Good Enough to Put Your Name On
Once, last year when I was pregnant, my husband and I had Chipotle for dinner. He ate his whole burrito. I ate half of mine. I put mine in a container in the fridge with a note that said, “Do not eat this burrito. If you eat it, you will be stealing your baby’s food.”
In the same vein, my friend Colleen is one of the most generous people I know. She lives in community at a Catholic farm in West Virginia, where she, her husband and a handful of other year-rounders play host to hundreds of volunteers every year. She is a master at cooking food for a crowd. And, sometimes, she puts her name on her food.
So, what is it about certain foods that turn normally mild-mannered women into petulant 3-year-olds, yelling, “Mine!” while clinging to a beloved box of truffles? Well, it’s not a character flaw. It is simply a sense that certain foods and beverages deserve special treatment and savoring. I don’t want my husband scarfing my burrito at 11pm when he could just as easily make a peanut butter sandwich. Similarly, volunteer coming across some tangerine Spritzers in the fridge would probably not recognize that they were imported from the nearest Trader Joe’s, which is four hours away. Which brings me to the tea.
When I received this Kusmi iced tea sample in the mail, I could tell it was fancy, and not just because the 12 or so press releases that accompanied it told me so. All the flavors were listed on the side in French, with tiny English translations underneath. Also, I did not recognize several of the ingredients, including bergamot, Nanah mint leaves and guarana. And why was liquorice spelled with a q?
I love tea, and I really, really love iced tea, so I got excited and started brewing. I began with “Sweet Love,” which is composed of black tea, guarana, spices and pink pepper. The instructions said to “put 2 tea bags into 1/4 litre of pure simmering water.” The good folks at Google told me that 1/4 liter is about one cup. I don’t think DC tap water is what was meant by “pure,” but it’s what I’ve got, so I went with it. I was then instructed to pour the “resulting infusion” into a 1 liter carafe filled 3/4 full with ice cubes. No carafes here, a plastic pitcher had to suffice.
The tea was finally ready, and so was I. I pretended I was tasting a fine wine, sniffing, swishing, savoring. And let me tell you — it was good.
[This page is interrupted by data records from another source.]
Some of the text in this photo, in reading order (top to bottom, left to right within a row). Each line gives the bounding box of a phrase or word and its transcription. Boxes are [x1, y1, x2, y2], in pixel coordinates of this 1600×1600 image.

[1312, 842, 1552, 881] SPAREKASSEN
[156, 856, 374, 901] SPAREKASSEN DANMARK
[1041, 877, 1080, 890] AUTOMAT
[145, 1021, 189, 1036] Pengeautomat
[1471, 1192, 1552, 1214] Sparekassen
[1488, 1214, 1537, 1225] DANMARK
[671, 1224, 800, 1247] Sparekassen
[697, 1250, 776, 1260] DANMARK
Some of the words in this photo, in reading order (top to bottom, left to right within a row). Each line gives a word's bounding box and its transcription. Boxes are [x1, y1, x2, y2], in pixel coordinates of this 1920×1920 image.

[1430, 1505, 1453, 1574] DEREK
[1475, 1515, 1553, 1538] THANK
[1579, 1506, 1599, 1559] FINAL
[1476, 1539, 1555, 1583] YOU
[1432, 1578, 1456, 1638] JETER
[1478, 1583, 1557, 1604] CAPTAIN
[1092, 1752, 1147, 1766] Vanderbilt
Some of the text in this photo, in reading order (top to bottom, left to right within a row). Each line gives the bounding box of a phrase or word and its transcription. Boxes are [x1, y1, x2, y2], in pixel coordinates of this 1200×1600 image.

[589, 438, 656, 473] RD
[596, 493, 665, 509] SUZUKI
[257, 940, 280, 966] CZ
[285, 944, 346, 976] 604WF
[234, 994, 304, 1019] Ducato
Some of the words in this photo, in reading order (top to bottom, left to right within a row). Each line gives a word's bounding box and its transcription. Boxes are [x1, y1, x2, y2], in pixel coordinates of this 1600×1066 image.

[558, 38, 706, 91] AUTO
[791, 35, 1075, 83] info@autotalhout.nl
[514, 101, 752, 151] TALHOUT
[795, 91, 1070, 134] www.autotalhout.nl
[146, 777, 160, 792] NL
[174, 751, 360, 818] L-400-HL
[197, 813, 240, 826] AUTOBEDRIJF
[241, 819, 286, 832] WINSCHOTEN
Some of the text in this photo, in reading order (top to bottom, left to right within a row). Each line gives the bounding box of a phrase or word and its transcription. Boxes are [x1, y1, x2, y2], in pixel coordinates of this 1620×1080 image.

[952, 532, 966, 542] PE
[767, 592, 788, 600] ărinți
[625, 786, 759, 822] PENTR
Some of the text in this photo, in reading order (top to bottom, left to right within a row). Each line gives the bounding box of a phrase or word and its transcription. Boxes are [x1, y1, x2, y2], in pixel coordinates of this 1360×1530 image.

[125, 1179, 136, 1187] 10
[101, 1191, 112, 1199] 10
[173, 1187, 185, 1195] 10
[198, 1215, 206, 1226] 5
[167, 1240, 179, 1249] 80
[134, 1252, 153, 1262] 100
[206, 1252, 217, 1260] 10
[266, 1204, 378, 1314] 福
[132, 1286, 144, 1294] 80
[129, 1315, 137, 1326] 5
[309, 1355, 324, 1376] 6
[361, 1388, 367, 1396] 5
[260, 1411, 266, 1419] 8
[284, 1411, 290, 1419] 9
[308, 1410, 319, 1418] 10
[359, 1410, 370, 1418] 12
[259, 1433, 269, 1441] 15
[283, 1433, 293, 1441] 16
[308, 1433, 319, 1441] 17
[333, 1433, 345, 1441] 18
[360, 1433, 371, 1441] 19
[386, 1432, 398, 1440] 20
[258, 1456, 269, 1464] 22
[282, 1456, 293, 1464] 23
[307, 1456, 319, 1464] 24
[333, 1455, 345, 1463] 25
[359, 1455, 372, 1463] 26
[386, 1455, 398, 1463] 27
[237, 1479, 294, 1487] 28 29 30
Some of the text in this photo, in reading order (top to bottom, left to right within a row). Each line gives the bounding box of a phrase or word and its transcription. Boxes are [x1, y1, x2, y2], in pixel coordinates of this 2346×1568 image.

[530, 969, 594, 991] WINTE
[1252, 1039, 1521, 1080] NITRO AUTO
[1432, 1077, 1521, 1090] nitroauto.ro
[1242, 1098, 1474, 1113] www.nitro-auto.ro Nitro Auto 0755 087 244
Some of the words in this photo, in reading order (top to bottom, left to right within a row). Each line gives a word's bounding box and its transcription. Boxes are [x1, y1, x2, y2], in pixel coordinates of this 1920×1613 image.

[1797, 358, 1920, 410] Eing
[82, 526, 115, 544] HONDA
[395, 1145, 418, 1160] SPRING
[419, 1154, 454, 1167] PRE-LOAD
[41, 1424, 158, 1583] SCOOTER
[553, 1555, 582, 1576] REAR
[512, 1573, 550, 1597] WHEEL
Then I went online and looked at the price. Whoa. $21.95 for a back of 24 tea bags. When I relayed this info to my husband, his comment was, “I guess you shouldn’t drink it when you’re thirsty.” For subsequent pitchers, I upped the boiling water to a potful and made closer to a gallon, and it still tasted delicious. I’m not sure if it was 6 times better than Celestial Seasonings, but still, it was great. So far, my favorite has been the strawberry green tea. I look forward to serving others of these delicately scented teas at parties throughout the summer, because this is certainly a special occasion tea. Until then, I will hide it behind the Lipton, possibly with a sign that says, “For appreciative tea drinkers only.”